Entries shown:
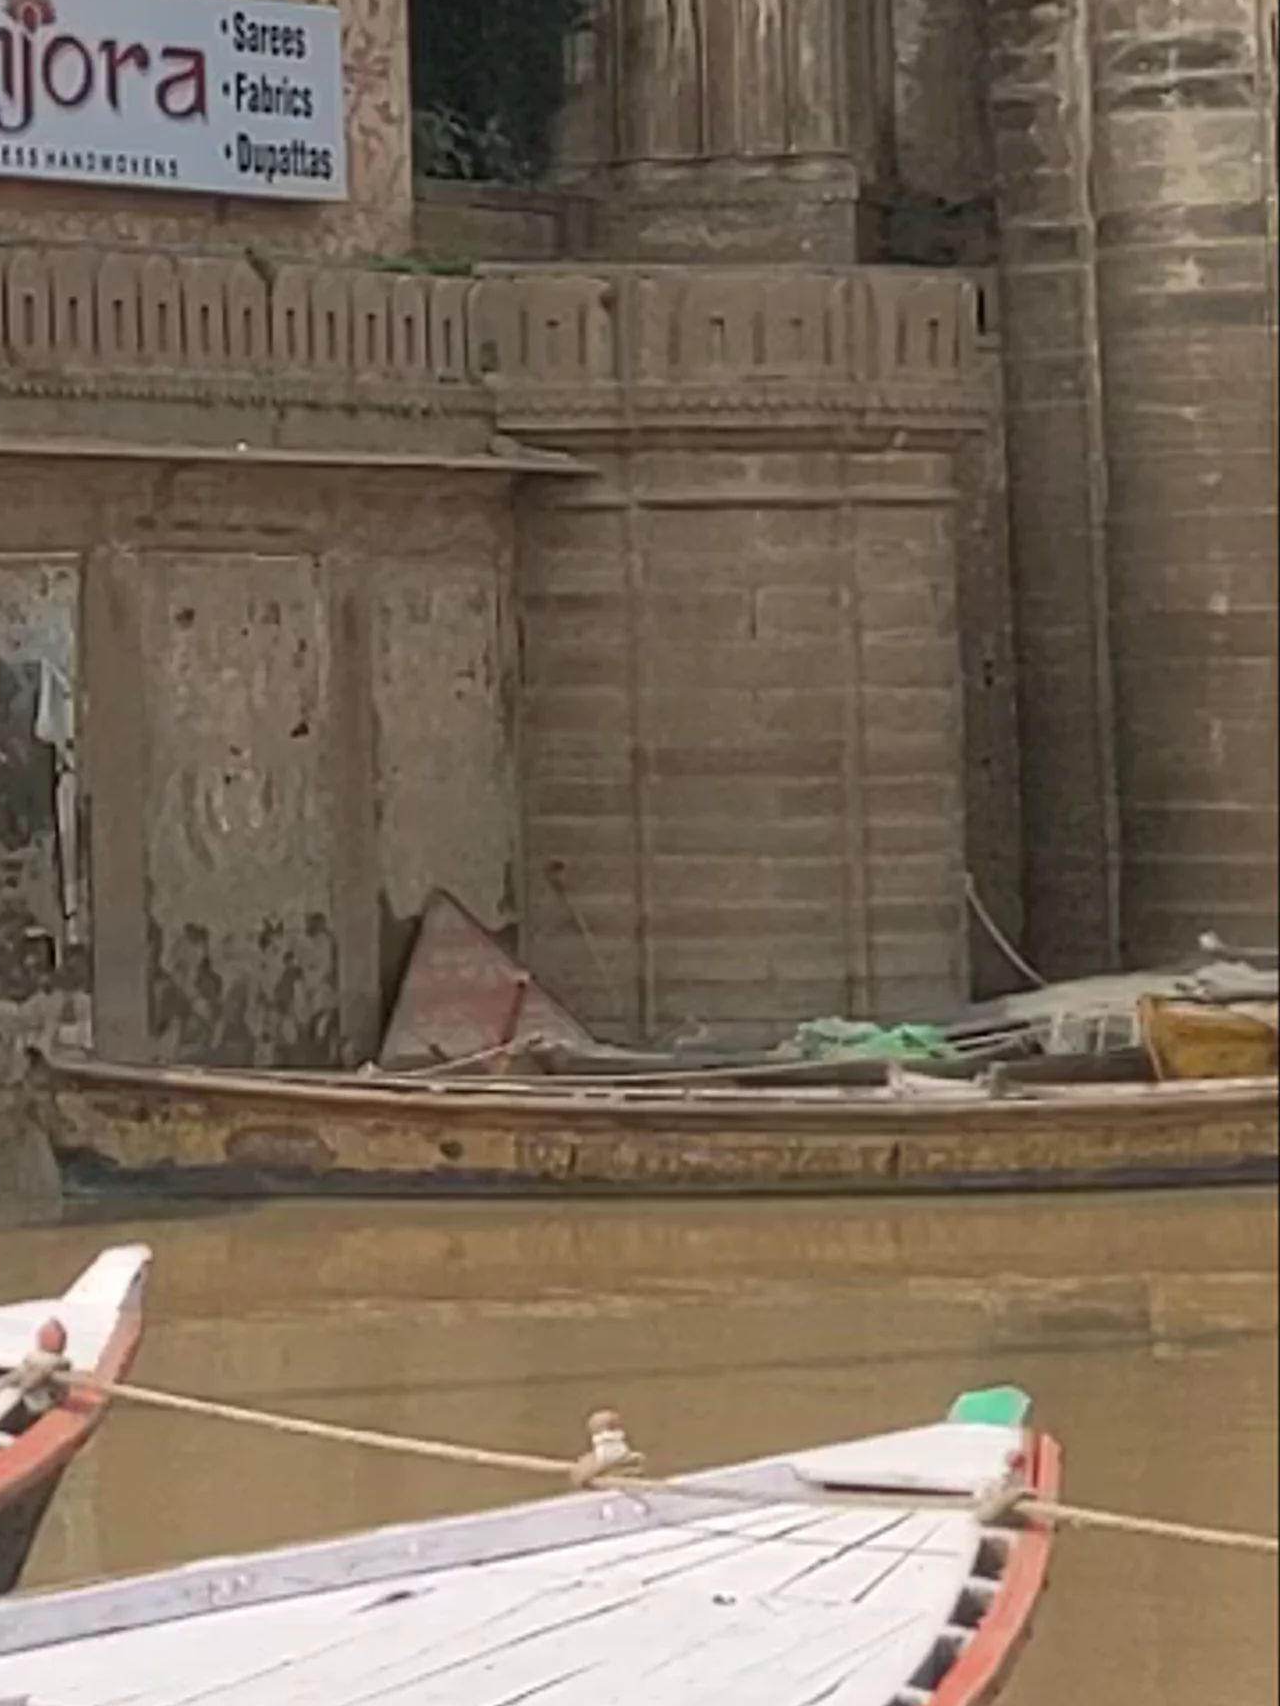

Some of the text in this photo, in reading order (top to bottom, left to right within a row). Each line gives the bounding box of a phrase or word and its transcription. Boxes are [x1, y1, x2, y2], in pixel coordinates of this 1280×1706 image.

[233, 12, 306, 60] Sarees
[236, 72, 313, 119] Fabrics
[237, 132, 333, 183] Dupattas
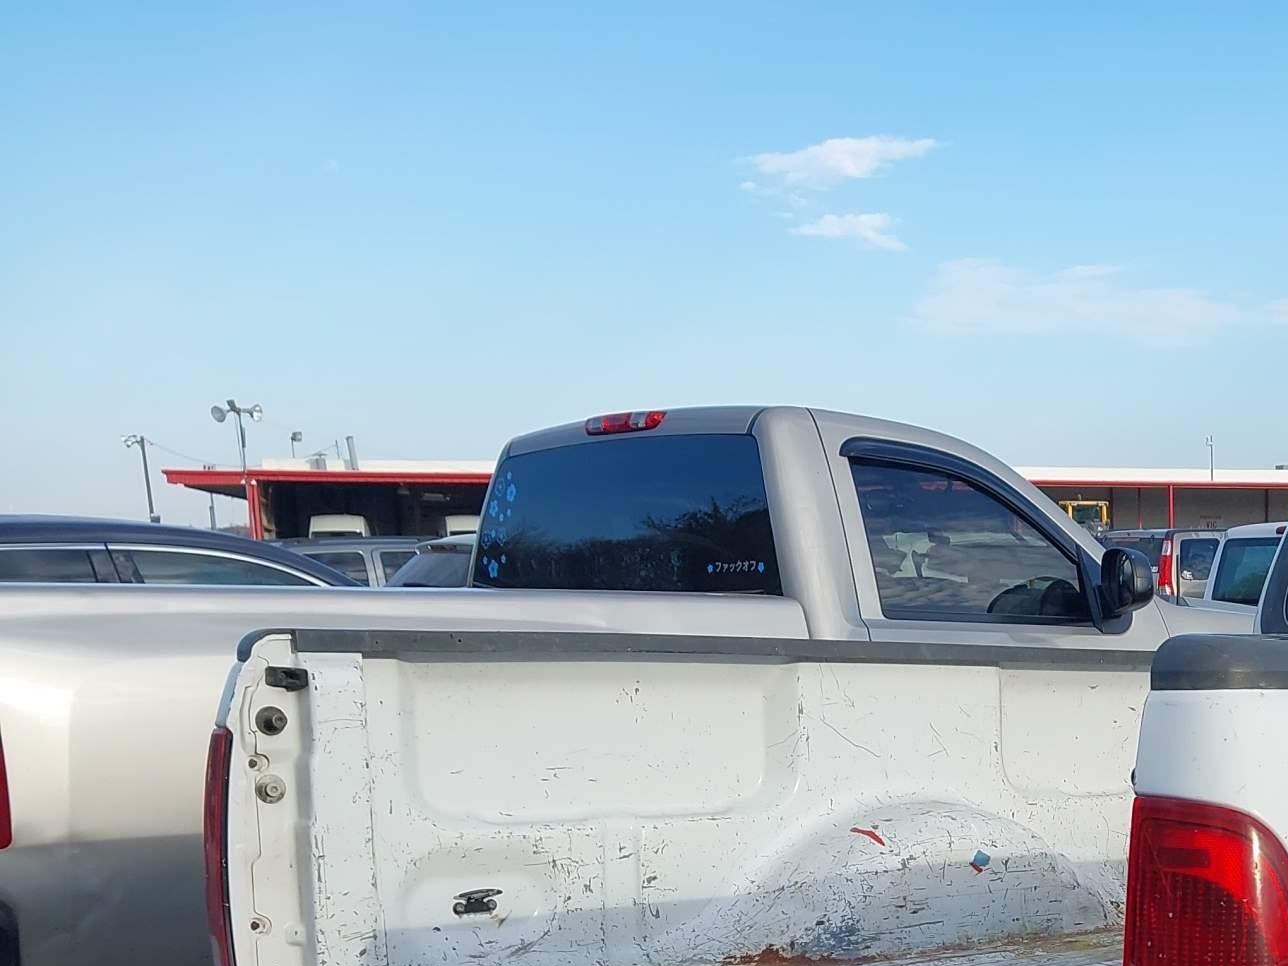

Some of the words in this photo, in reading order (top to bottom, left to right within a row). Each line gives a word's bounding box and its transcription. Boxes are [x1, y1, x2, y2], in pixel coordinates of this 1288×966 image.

[715, 560, 756, 572] ファックオフ
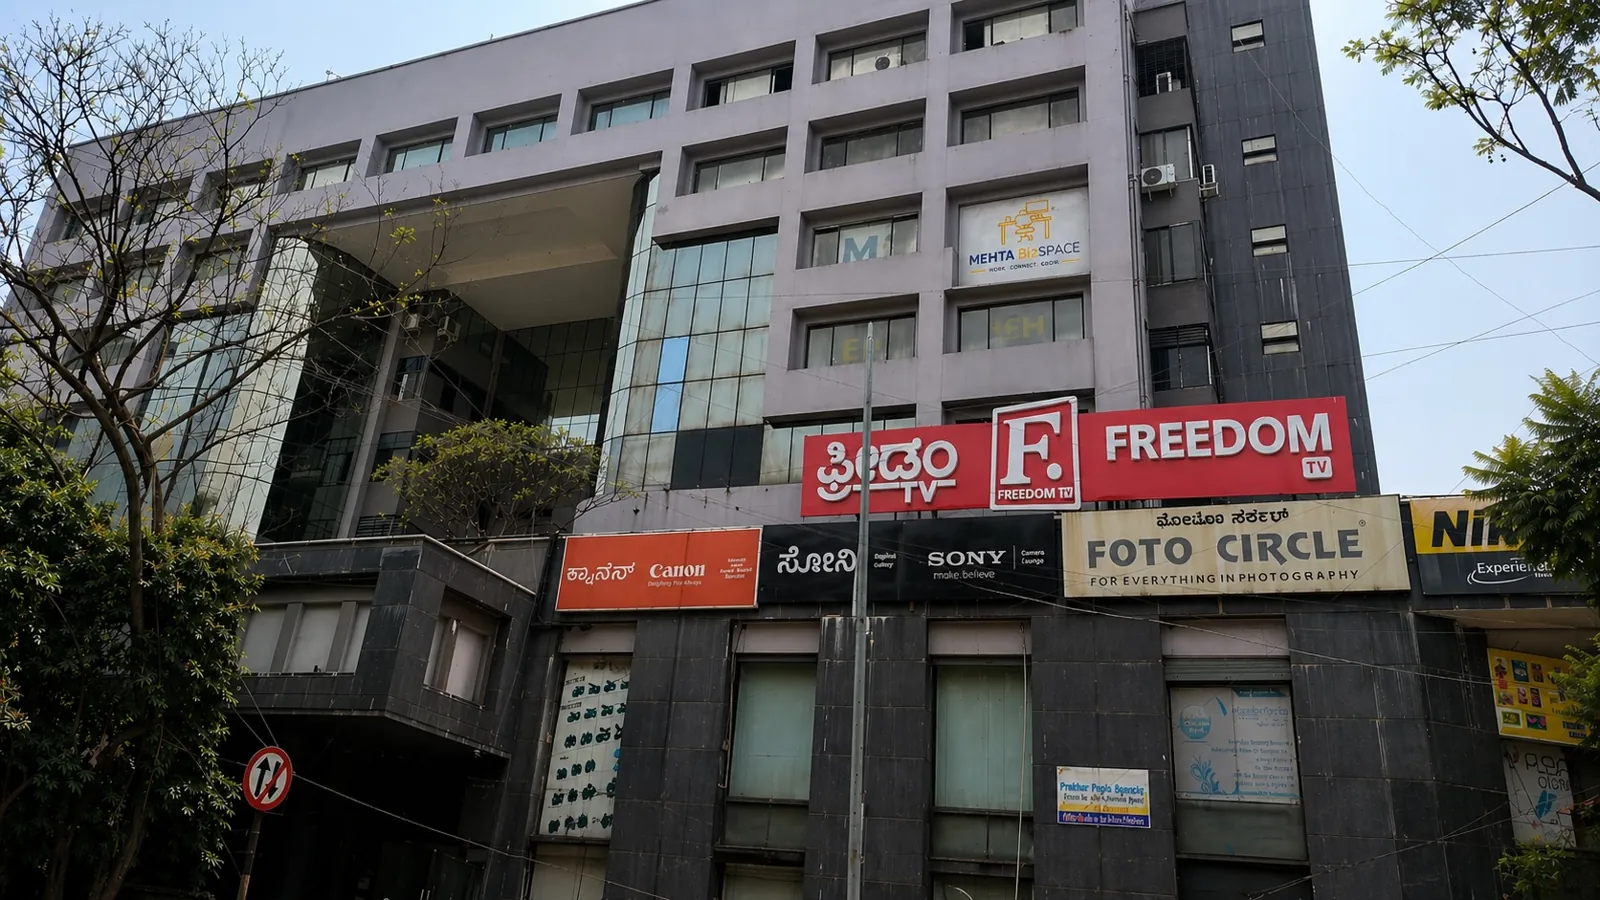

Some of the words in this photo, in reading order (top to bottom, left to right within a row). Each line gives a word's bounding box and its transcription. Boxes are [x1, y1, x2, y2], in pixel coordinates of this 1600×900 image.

[969, 250, 1015, 266] MEHTA
[1105, 412, 1333, 461] FREEDOM
[1306, 460, 1328, 474] TV
[998, 487, 1056, 500] FREEDOM
[1058, 486, 1073, 499] TV
[1087, 536, 1193, 568] FOTO
[1216, 529, 1363, 565] CIRCLE
[777, 545, 857, 574] ಸೋನಿ
[927, 550, 1007, 567] SONY
[649, 563, 706, 578] Canon
[1090, 576, 1118, 587] FOR
[1123, 574, 1216, 586] EVERYTHING
[1220, 574, 1235, 583] IN
[1238, 569, 1359, 583] PHOTOGRAPHY

Problem statement:
Write out exactly the lines from the one that contains "this 1288×966 image." through the last line of the data above, both included. Leave every picture out.

Answer area:
Some of the words in this photo, in reading order (top to bottom, left to right within a row). Each line gives a word's bounding box and its transcription. Boxes are [x1, y1, x2, y2], in pixel coordinates of this 1288×966 image.

[715, 560, 756, 572] ファックオフ

Some of the words in this photo, in reading order (top to bottom, left to right within a row). Each line gives a word's bounding box and its transcription. Boxes are [x1, y1, x2, y2], in pixel coordinates of this 1600×900 image.

[969, 250, 1015, 266] MEHTA
[1105, 412, 1333, 461] FREEDOM
[1306, 460, 1328, 474] TV
[998, 487, 1056, 500] FREEDOM
[1058, 486, 1073, 499] TV
[1087, 536, 1193, 568] FOTO
[1216, 529, 1363, 565] CIRCLE
[777, 545, 857, 574] ಸೋನಿ
[927, 550, 1007, 567] SONY
[649, 563, 706, 578] Canon
[1090, 576, 1118, 587] FOR
[1123, 574, 1216, 586] EVERYTHING
[1220, 574, 1235, 583] IN
[1238, 569, 1359, 583] PHOTOGRAPHY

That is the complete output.